In the latter part of the twentieth century, and the first years of twenty first, the growth in the American economy has been driven to no small degree by Moore's Law, the exponential decrease with time of the size of the switching elements that are the basis for the physical implementation of digital computers. Moore's Law has made digital computers ubiquitous, from our iPods to our automobiles. No less important than this digital revolution was the work of Turing and other mathematicians who developed the theoretical underpinnings of programmable digital computers in the 1930s. Unfortunately, with the size of the smallest circuit element approaching 100 atoms, we are reaching the limit of Moore's Law for classical computation. Classical computing power will then increase only by increasing size and not density. Correspondingly, the speed of computing will be limited by the speed of light across the dimension of the computer. Quantum computing promises to be able to solve some problems far faster than classical computers of the same size.

Quantum computing is interdisciplinary and requires intricate and inseparable interplay of physics, mathematics, and computer science. While the intuitive idea of a quantum computer dates back to Richard Feynman, the recipient of Nobel Prize in Physics in 1965, the first shocking result was Shor's factoring algorithm discovered in 1994. Peter Shor, currently a professor at MIT, showed how a quantum algorithm could exponentially speed-up classical computation and factor large numbers into primes much faster than any known classical algorithm. Thus, if it is possible to build quantum computers, they will be significantly faster than any classical computer for certain problems. For example, in cryptography, breaking supposedly unbreakable codes would then be possible. Other recent results in this field indicate that information can be teleported, and true random numbers could be generated.

The basic unit of information in the quantum computer is a qubit, a storage element capable of holding not only a bit of information, but also a quantum connection to the originating bits called 'coherence in phase.' The technology for the construction of a small number of coupled qubits has recently been demonstrated. However, while the experimentalists are engaged in tackling tremendous technological difficulties and we await the physical realization of large scale quantum computers, we are dealing with equally, if not more challenging, theoretic problems focusing on fundamental questions of computing, information, and complexity. In 1997, Freedman and Kitaev proposed a topological model of a quantum computer that performs computations by encoding information in the configurations of braids. These computers have a built-in defense against decoherence and offer the promise of error rates many orders of magnitude lower than any other quantum computation scheme to date.
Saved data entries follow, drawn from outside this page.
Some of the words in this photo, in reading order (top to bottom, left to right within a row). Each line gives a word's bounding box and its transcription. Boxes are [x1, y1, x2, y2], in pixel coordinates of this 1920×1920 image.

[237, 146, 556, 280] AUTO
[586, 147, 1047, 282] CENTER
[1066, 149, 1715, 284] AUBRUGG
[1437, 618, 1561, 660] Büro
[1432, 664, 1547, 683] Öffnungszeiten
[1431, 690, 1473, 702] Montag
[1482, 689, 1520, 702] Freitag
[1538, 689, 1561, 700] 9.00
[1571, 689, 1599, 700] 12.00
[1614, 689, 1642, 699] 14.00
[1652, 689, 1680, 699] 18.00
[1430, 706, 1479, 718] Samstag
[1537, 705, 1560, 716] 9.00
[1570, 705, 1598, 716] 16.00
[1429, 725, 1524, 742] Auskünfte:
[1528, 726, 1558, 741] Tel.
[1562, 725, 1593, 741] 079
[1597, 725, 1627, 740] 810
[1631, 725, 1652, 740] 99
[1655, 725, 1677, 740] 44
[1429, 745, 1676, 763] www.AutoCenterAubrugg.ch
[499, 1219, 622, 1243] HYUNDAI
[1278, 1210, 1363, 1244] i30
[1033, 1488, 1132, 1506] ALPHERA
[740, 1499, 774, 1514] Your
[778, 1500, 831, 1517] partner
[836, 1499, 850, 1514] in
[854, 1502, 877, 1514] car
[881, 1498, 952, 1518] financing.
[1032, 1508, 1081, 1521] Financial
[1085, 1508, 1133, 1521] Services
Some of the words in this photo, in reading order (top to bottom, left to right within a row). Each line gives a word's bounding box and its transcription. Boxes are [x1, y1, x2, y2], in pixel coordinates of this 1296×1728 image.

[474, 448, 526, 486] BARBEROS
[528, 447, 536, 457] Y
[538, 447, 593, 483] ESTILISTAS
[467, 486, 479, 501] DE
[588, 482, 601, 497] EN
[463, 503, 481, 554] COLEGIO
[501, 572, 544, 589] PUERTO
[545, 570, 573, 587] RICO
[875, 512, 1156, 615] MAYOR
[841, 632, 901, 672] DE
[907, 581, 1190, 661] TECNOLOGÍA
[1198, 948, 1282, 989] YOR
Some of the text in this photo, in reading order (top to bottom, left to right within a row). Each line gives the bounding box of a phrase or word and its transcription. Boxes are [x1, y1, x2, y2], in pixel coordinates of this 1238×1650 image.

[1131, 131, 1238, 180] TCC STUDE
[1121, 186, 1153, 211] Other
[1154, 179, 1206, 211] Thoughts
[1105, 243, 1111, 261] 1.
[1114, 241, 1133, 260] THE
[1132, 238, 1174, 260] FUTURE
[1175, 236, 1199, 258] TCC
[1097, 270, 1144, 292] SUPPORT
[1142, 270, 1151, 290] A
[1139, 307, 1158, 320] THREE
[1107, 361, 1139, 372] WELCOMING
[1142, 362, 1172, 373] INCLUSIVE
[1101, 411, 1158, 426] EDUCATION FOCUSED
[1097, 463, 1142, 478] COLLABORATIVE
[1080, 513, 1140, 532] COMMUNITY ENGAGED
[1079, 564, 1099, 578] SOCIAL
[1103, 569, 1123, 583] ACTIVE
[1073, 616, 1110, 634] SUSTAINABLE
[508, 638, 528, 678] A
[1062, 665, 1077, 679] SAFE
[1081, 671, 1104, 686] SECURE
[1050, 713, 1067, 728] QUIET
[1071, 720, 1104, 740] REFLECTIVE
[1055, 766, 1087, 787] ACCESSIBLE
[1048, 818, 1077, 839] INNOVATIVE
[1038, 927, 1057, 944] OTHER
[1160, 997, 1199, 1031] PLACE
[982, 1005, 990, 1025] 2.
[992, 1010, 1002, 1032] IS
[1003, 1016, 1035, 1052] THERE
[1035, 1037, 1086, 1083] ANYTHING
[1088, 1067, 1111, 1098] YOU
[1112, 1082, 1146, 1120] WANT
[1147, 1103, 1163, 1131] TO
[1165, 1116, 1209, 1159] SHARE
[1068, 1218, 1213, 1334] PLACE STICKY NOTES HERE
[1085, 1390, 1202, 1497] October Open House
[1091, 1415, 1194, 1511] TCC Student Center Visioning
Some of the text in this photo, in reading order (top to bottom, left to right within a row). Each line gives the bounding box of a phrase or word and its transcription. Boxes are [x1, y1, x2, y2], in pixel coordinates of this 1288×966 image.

In 2002, it was proved that a topological quantum computer can perform any computation that a localized-qubit quantum computer can do. The field of topological quantum computing is full of theoretical challenges, including the formulation and classification of relative quantum phases on the mathematical side and the search for topological phases of matter on the physical side. Analysis of quantum computing may also help us better understand the quantum world, and the mathematical logic best used to describe quantum computation and information transfer.

Quantum computing activities at GW are organized by *Quantum Computation, Complexity, and Information Group* funded by the University Research Enhancement Award.